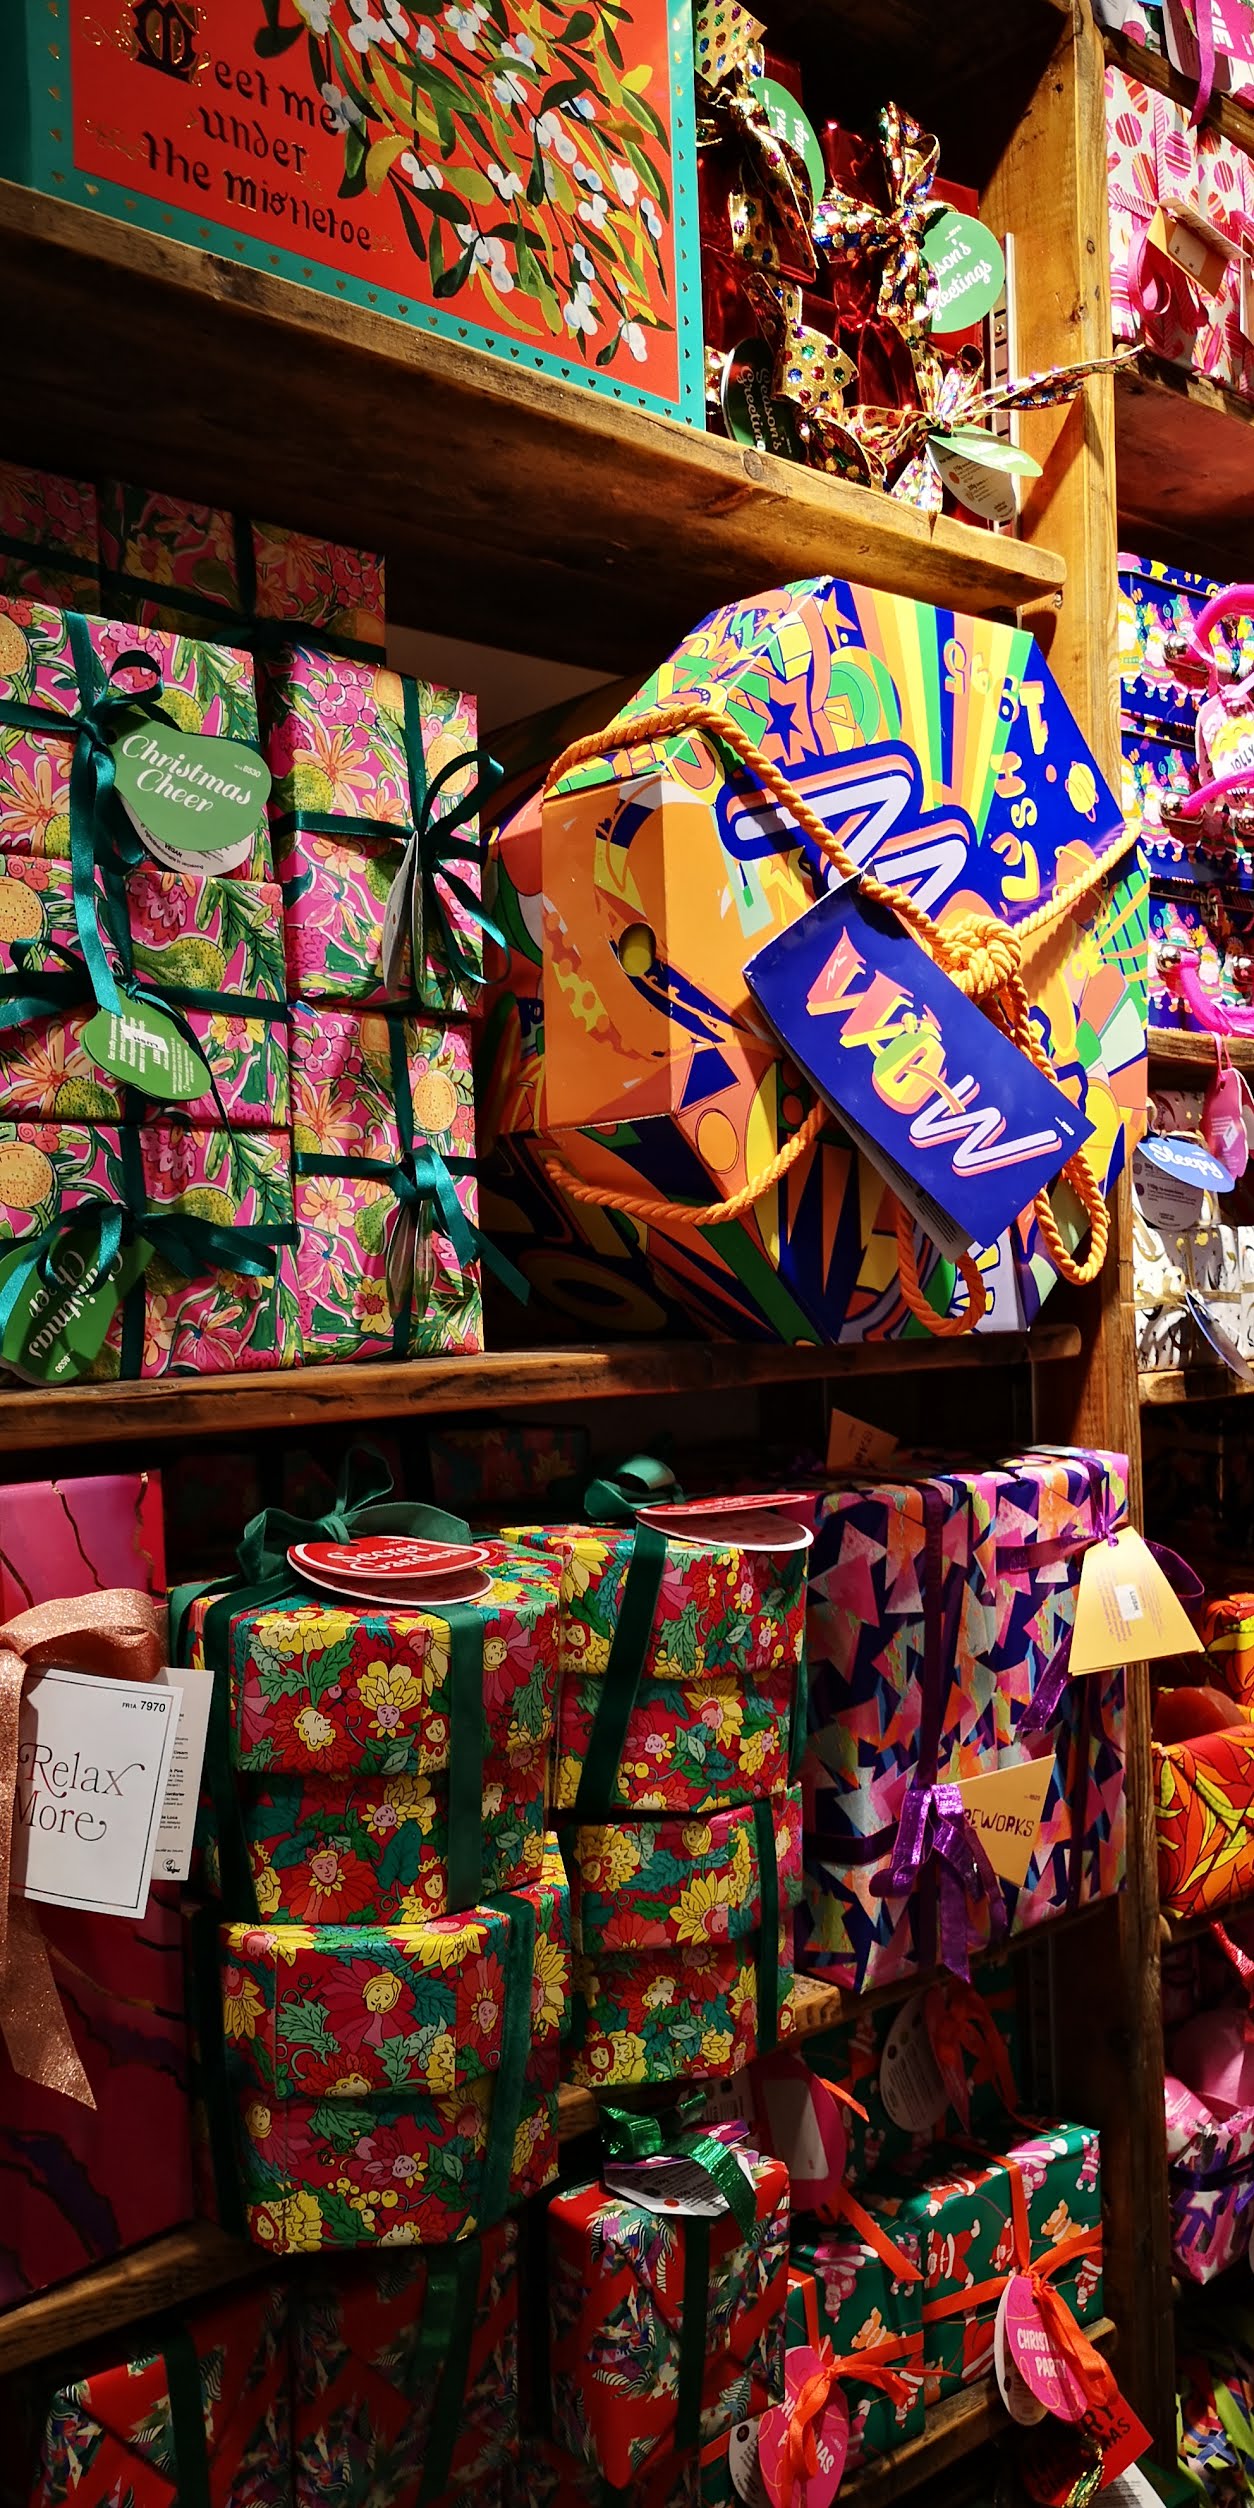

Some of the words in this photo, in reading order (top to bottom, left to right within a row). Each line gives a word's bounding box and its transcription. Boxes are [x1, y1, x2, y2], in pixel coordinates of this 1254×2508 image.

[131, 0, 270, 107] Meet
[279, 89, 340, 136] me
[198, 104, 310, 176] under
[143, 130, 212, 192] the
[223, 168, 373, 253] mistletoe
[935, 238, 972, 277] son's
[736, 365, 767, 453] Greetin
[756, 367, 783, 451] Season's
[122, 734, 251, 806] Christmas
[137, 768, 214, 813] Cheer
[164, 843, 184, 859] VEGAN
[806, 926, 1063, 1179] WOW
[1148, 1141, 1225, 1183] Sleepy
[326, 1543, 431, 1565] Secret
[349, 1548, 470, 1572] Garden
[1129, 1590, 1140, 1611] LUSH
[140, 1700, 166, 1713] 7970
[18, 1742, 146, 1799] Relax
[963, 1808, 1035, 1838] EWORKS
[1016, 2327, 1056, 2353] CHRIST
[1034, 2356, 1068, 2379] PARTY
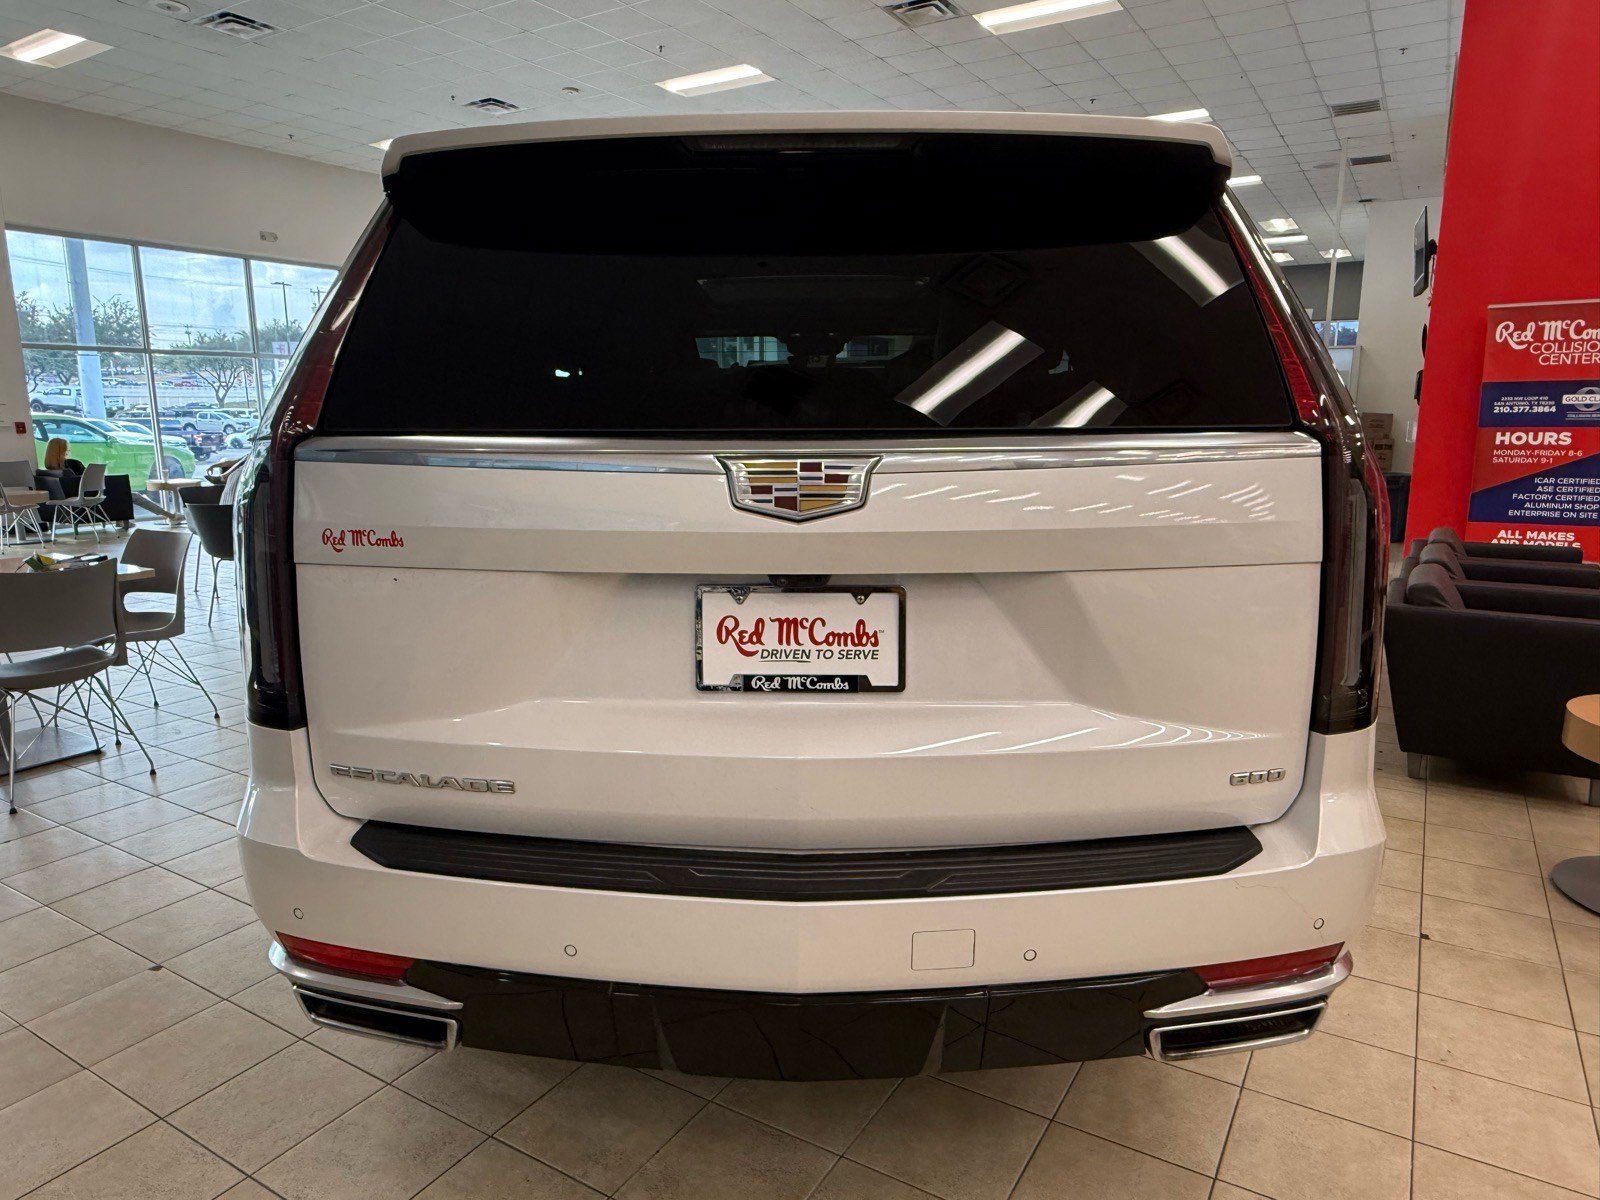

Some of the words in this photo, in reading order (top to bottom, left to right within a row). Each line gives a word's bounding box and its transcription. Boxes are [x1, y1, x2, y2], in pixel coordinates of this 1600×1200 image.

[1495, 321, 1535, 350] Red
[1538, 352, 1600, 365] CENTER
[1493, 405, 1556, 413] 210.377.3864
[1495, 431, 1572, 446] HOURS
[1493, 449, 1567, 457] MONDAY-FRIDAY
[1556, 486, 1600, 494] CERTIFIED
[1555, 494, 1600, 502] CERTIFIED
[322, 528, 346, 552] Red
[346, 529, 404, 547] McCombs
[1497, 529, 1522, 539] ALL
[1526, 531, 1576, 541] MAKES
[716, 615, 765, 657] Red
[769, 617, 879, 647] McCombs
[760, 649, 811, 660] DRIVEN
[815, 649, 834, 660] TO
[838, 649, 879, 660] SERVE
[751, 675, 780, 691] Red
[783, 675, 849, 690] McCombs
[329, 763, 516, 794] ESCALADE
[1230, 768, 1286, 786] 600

----

Exercise instructions :: Each entry should be copied exactly as written, though any pictures stay out.

Exercise answer ::
Some of the words in this photo, in reading order (top to bottom, left to right within a row). Each line gives a word's bounding box and its transcription. Boxes are [x1, y1, x2, y2], in pixel coordinates of this 1254×2508 image.

[131, 0, 270, 107] Meet
[279, 89, 340, 136] me
[198, 104, 310, 176] under
[143, 130, 212, 192] the
[223, 168, 373, 253] mistletoe
[935, 238, 972, 277] son's
[736, 365, 767, 453] Greetin
[756, 367, 783, 451] Season's
[122, 734, 251, 806] Christmas
[137, 768, 214, 813] Cheer
[164, 843, 184, 859] VEGAN
[806, 926, 1063, 1179] WOW
[1148, 1141, 1225, 1183] Sleepy
[326, 1543, 431, 1565] Secret
[349, 1548, 470, 1572] Garden
[1129, 1590, 1140, 1611] LUSH
[140, 1700, 166, 1713] 7970
[18, 1742, 146, 1799] Relax
[963, 1808, 1035, 1838] EWORKS
[1016, 2327, 1056, 2353] CHRIST
[1034, 2356, 1068, 2379] PARTY

Some of the words in this photo, in reading order (top to bottom, left to right within a row). Each line gives a word's bounding box and its transcription. Boxes are [x1, y1, x2, y2], in pixel coordinates of this 1600×1200 image.

[1495, 321, 1535, 350] Red
[1538, 352, 1600, 365] CENTER
[1493, 405, 1556, 413] 210.377.3864
[1495, 431, 1572, 446] HOURS
[1493, 449, 1567, 457] MONDAY-FRIDAY
[1556, 486, 1600, 494] CERTIFIED
[1555, 494, 1600, 502] CERTIFIED
[322, 528, 346, 552] Red
[346, 529, 404, 547] McCombs
[1497, 529, 1522, 539] ALL
[1526, 531, 1576, 541] MAKES
[716, 615, 765, 657] Red
[769, 617, 879, 647] McCombs
[760, 649, 811, 660] DRIVEN
[815, 649, 834, 660] TO
[838, 649, 879, 660] SERVE
[751, 675, 780, 691] Red
[783, 675, 849, 690] McCombs
[329, 763, 516, 794] ESCALADE
[1230, 768, 1286, 786] 600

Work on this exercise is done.